● Exercise objective
An exact copy of all the lines below is required, with every image left out.

● Task material
————
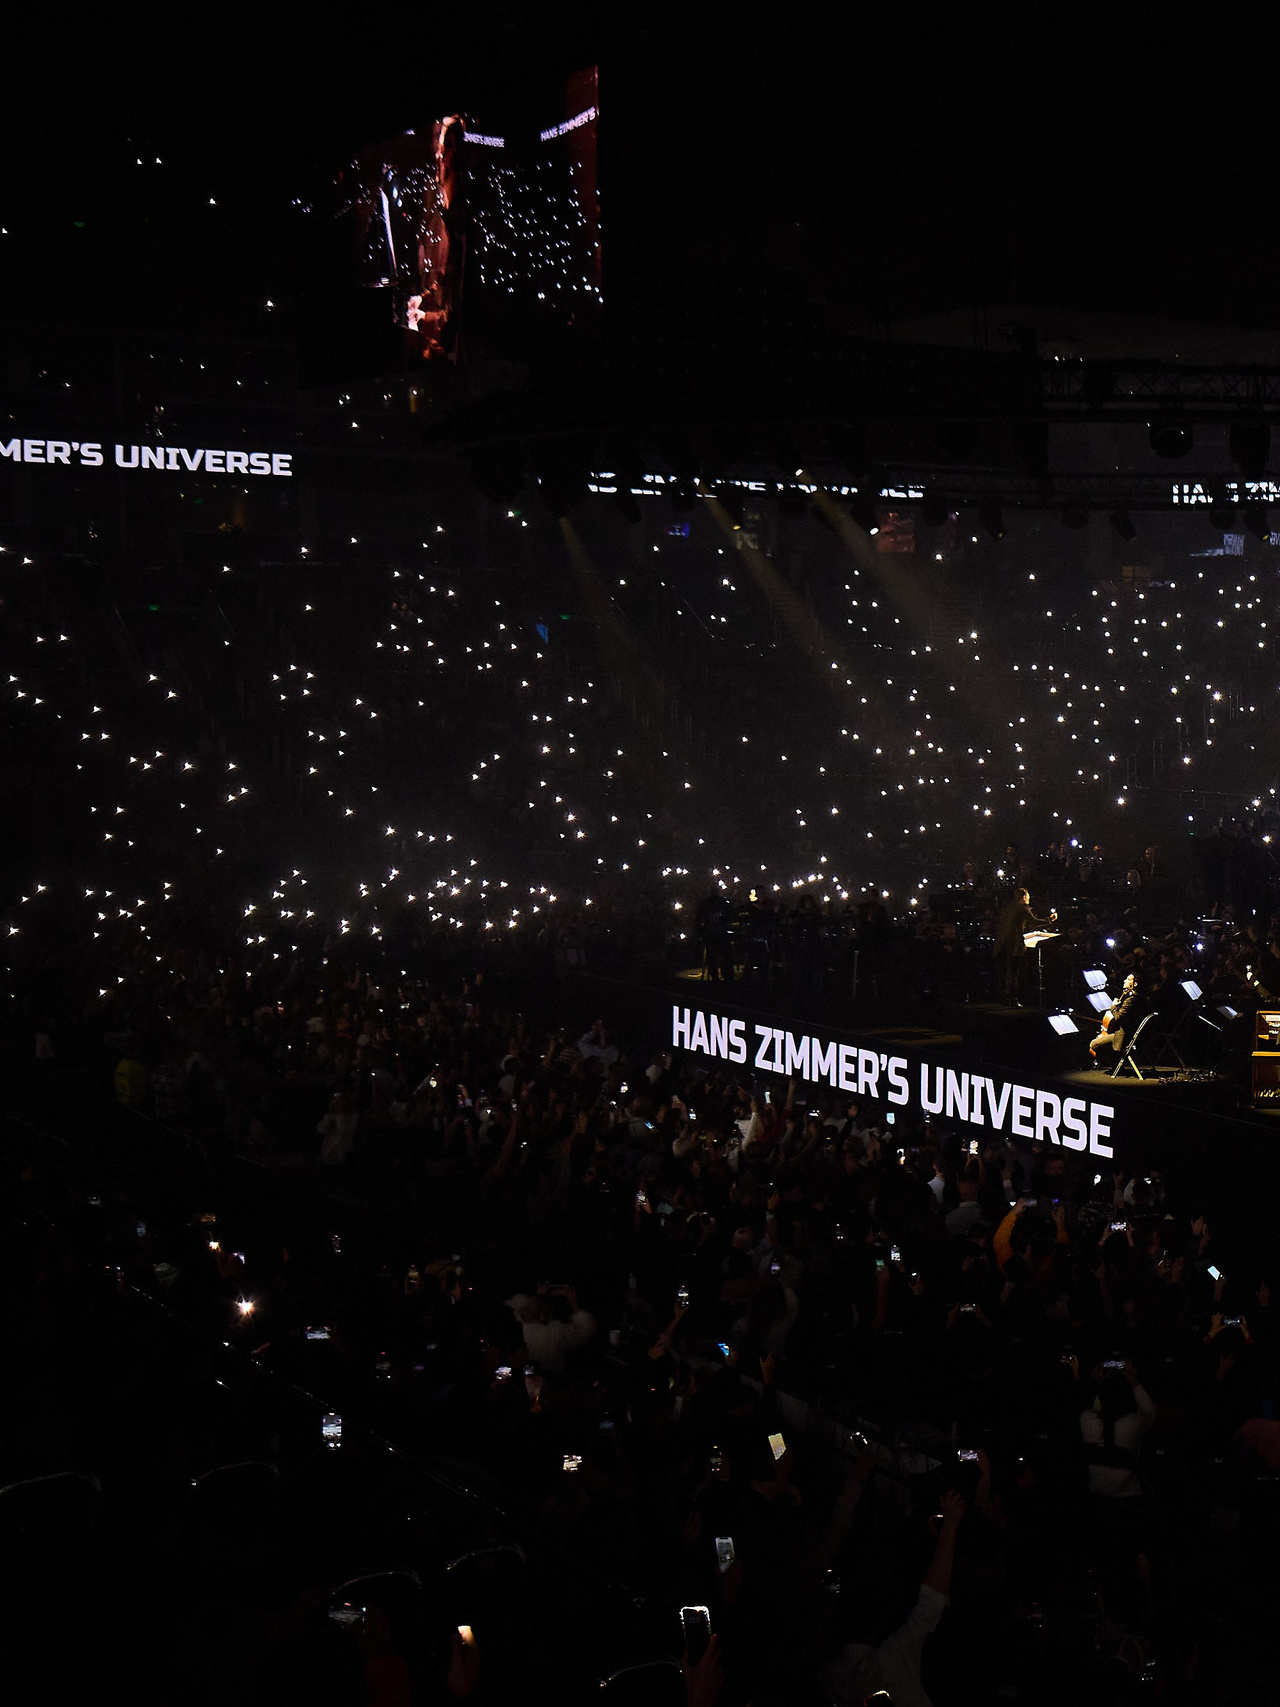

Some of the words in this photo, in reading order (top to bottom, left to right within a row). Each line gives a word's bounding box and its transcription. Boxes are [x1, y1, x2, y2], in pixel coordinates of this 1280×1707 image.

[115, 443, 293, 477] UNIVERSE
[672, 1005, 747, 1064] HANS
[754, 1024, 910, 1106] ZIMMER'S
[920, 1062, 1115, 1159] UNIVERSE
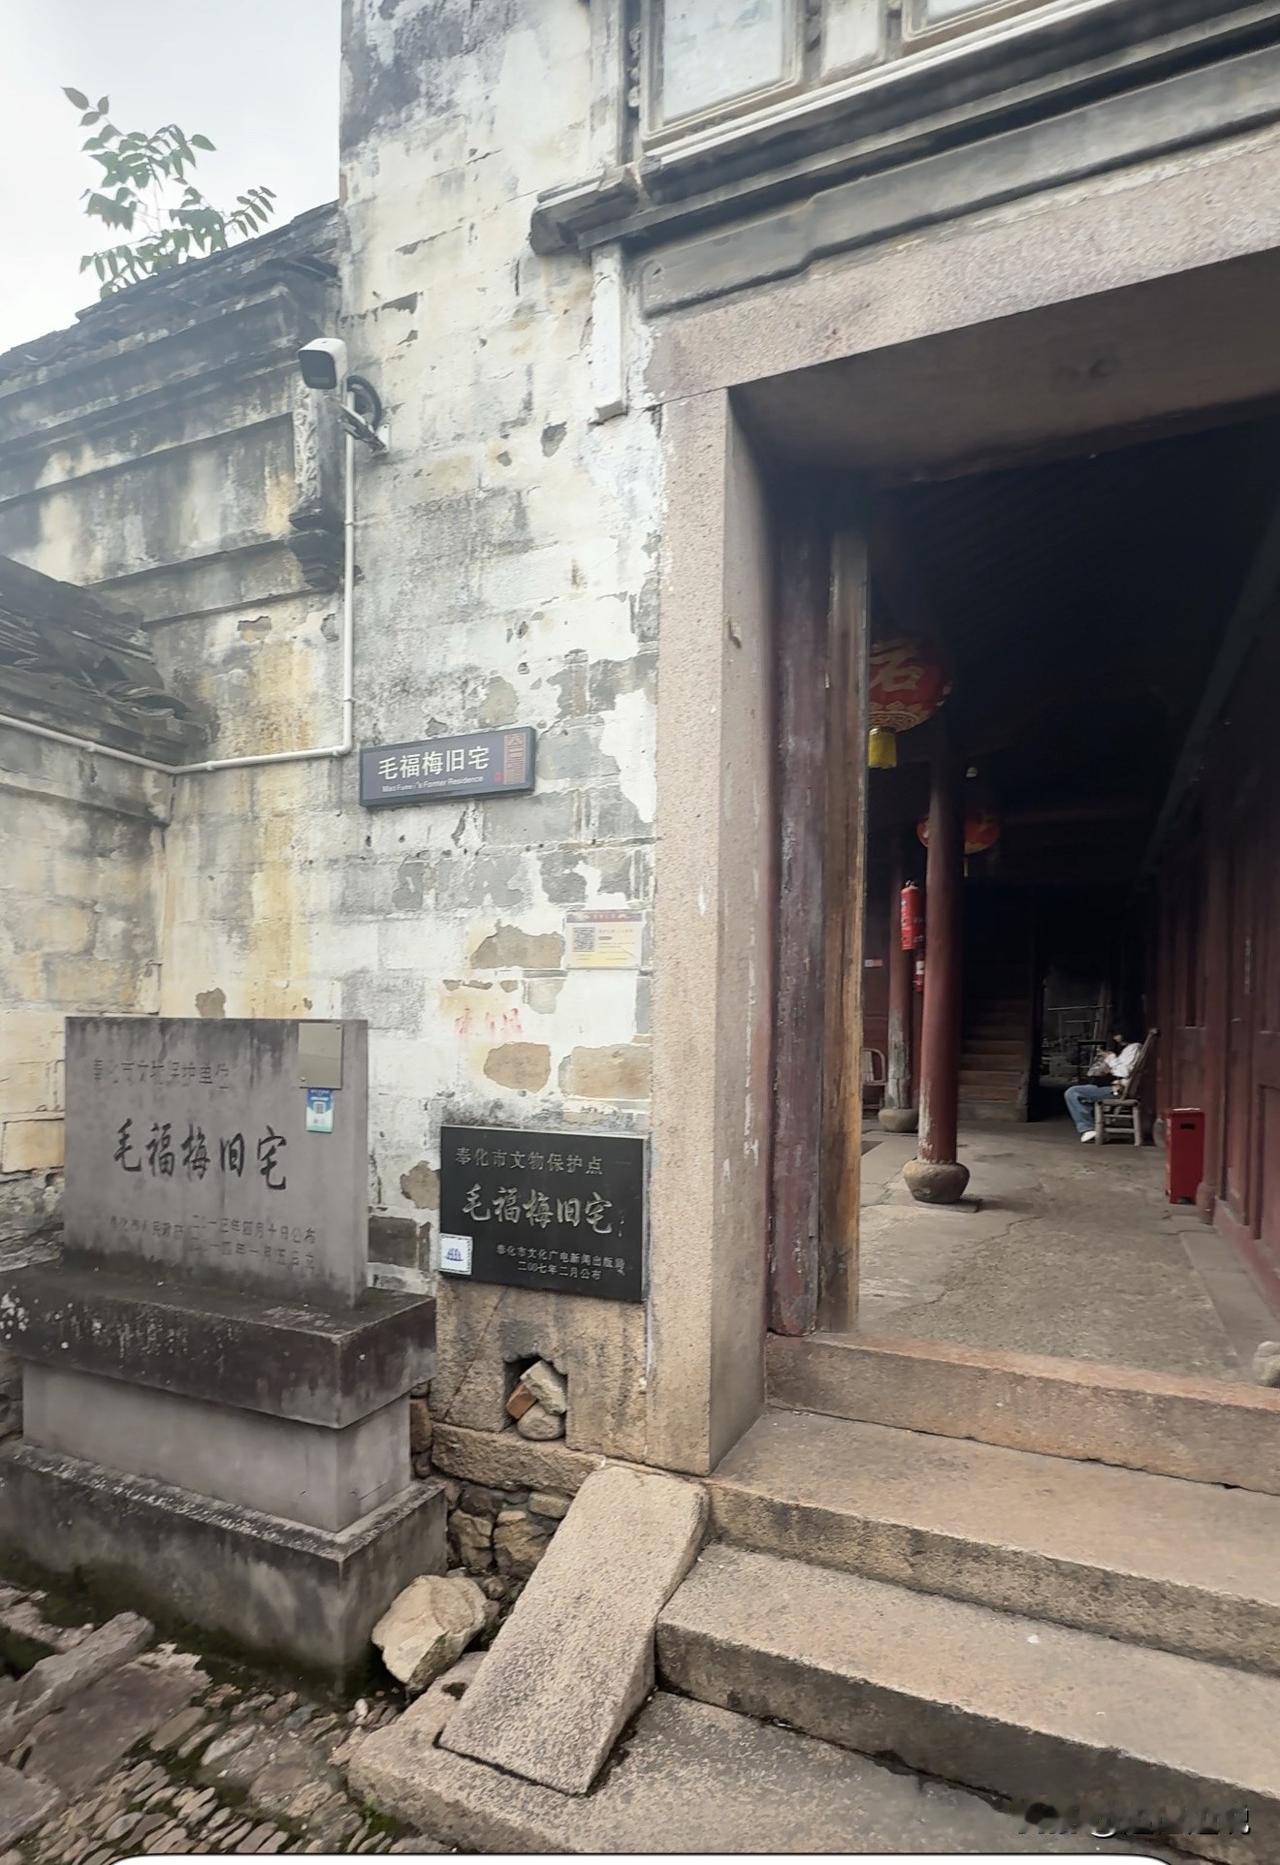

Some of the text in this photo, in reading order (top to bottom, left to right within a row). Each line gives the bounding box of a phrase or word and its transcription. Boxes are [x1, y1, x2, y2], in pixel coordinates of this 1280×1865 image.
————
● Task result
Some of the words in this photo, in reading order (top to bottom, left to right within a row). Each line gives a word's bounding box and its transcription. Boxes are [x1, y1, x2, y2], in pixel coordinates of this 1280×1707 image.

[115, 443, 293, 477] UNIVERSE
[672, 1005, 747, 1064] HANS
[754, 1024, 910, 1106] ZIMMER'S
[920, 1062, 1115, 1159] UNIVERSE

Some of the text in this photo, in reading order (top to bottom, left to right within a row). Each line gives the bounding box of a phrase or word and its transcription. Boxes are [x1, y1, x2, y2], in pixel coordinates of this 1280×1865 image.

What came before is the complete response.